### Required work
Print the data below exactly as it stands, and keep the pictures out.

Top of Source material

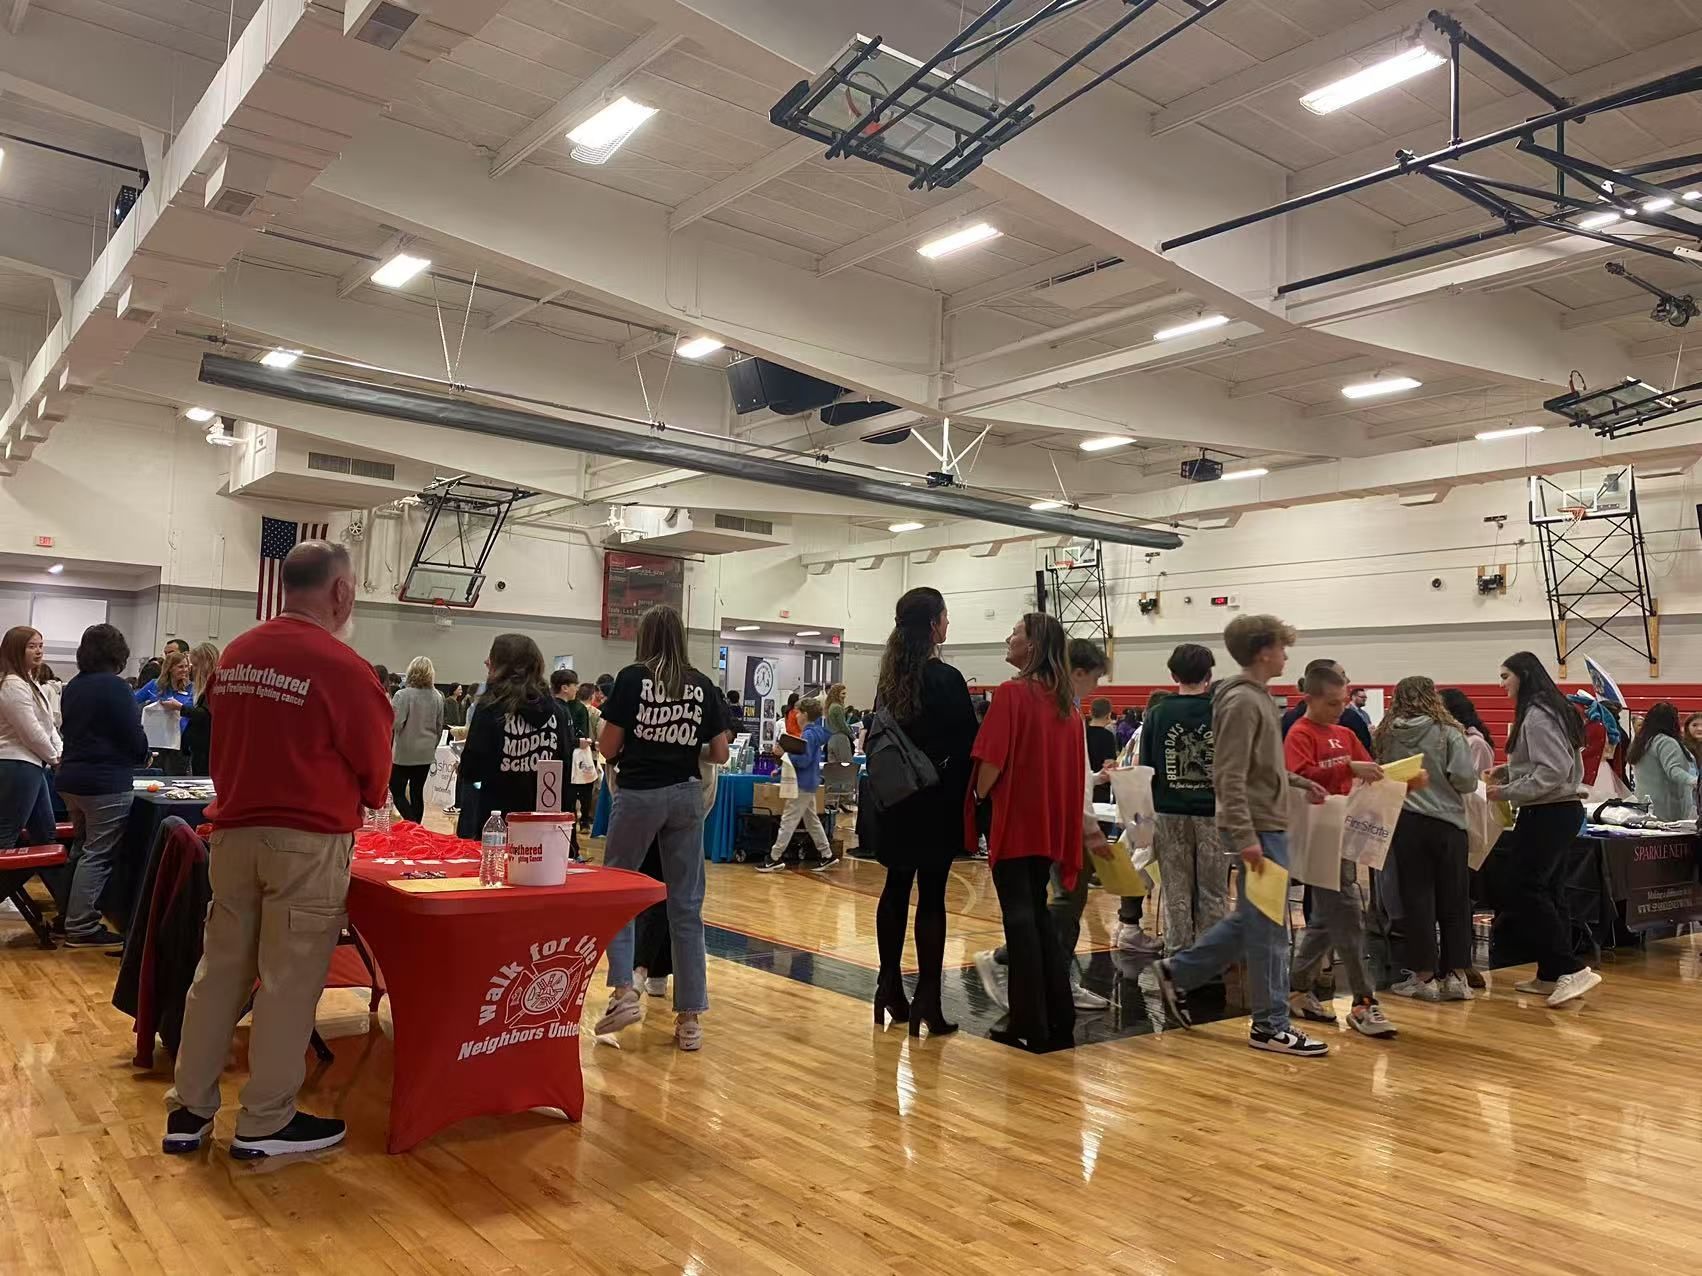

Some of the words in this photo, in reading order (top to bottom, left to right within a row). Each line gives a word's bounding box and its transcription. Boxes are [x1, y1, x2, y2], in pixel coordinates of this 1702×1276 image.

[281, 693, 305, 707] cancer
[640, 678, 704, 704] ROEO
[504, 713, 558, 736] ROO
[636, 703, 703, 726] MIDDLE
[502, 731, 558, 757] MIDDLE
[633, 722, 698, 746] SCHOOL
[1164, 723, 1184, 746] DAYS
[1328, 739, 1344, 749] R
[1165, 748, 1177, 780] BETTER
[541, 771, 557, 808] 8
[1633, 844, 1668, 861] SPARKLE
[478, 961, 525, 1026] walk
[529, 936, 571, 962] for
[574, 935, 597, 965] the
[457, 1027, 545, 1061] Neighbors
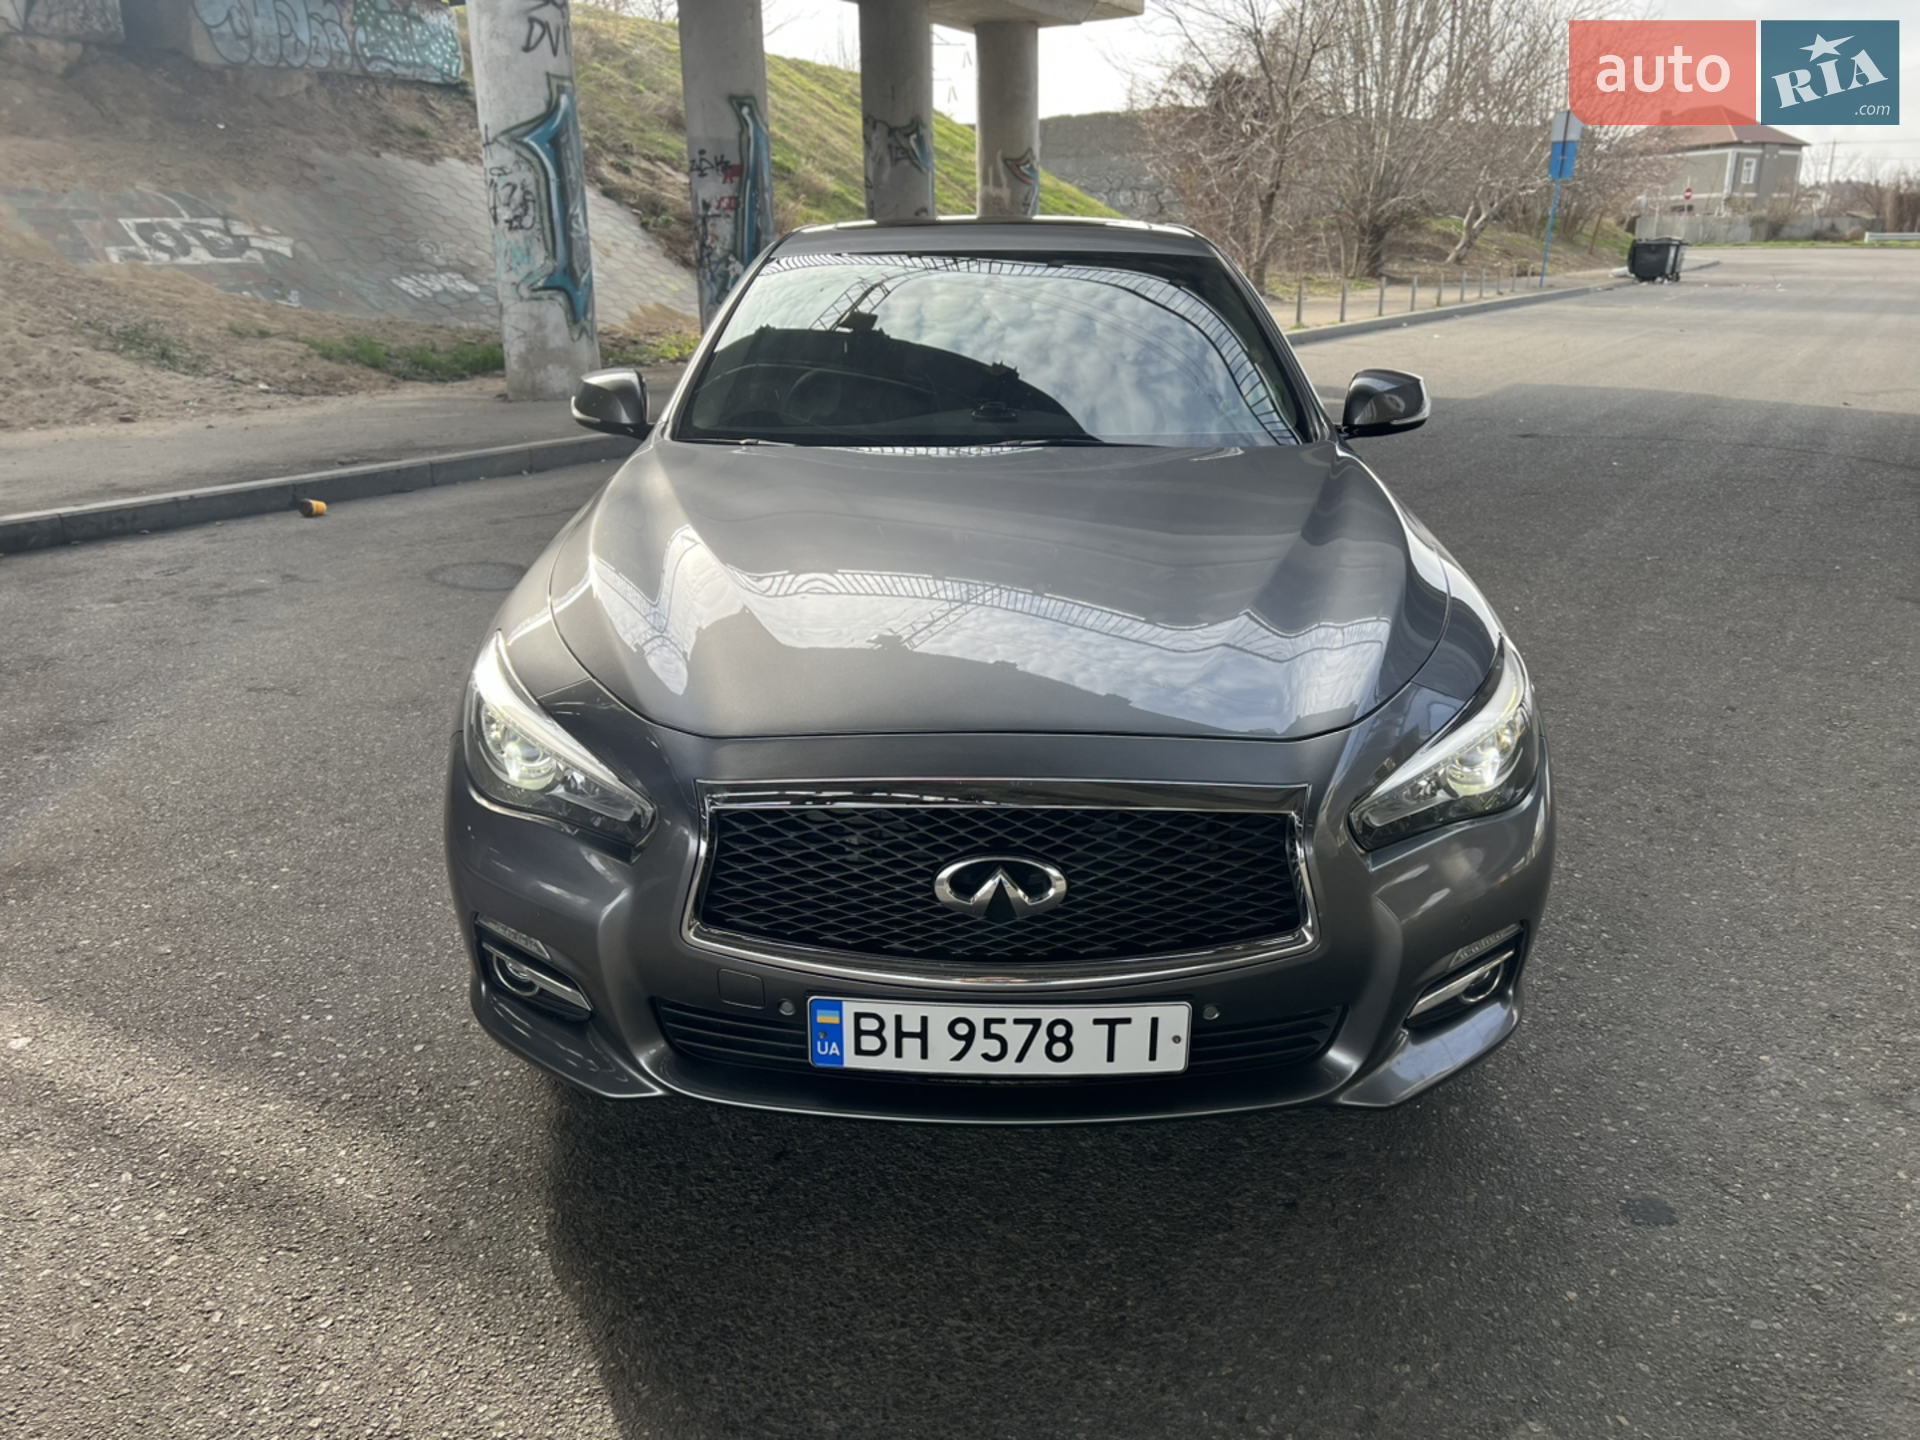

Bottom of Source material

### Result of the task
Some of the words in this photo, in reading order (top to bottom, left to right within a row). Each line gives a word's bounding box and its transcription. Boxes are [x1, y1, x2, y2], in pixel coordinates of this 1702×1276 image.

[281, 693, 305, 707] cancer
[640, 678, 704, 704] ROEO
[504, 713, 558, 736] ROO
[636, 703, 703, 726] MIDDLE
[502, 731, 558, 757] MIDDLE
[633, 722, 698, 746] SCHOOL
[1164, 723, 1184, 746] DAYS
[1328, 739, 1344, 749] R
[1165, 748, 1177, 780] BETTER
[541, 771, 557, 808] 8
[1633, 844, 1668, 861] SPARKLE
[478, 961, 525, 1026] walk
[529, 936, 571, 962] for
[574, 935, 597, 965] the
[457, 1027, 545, 1061] Neighbors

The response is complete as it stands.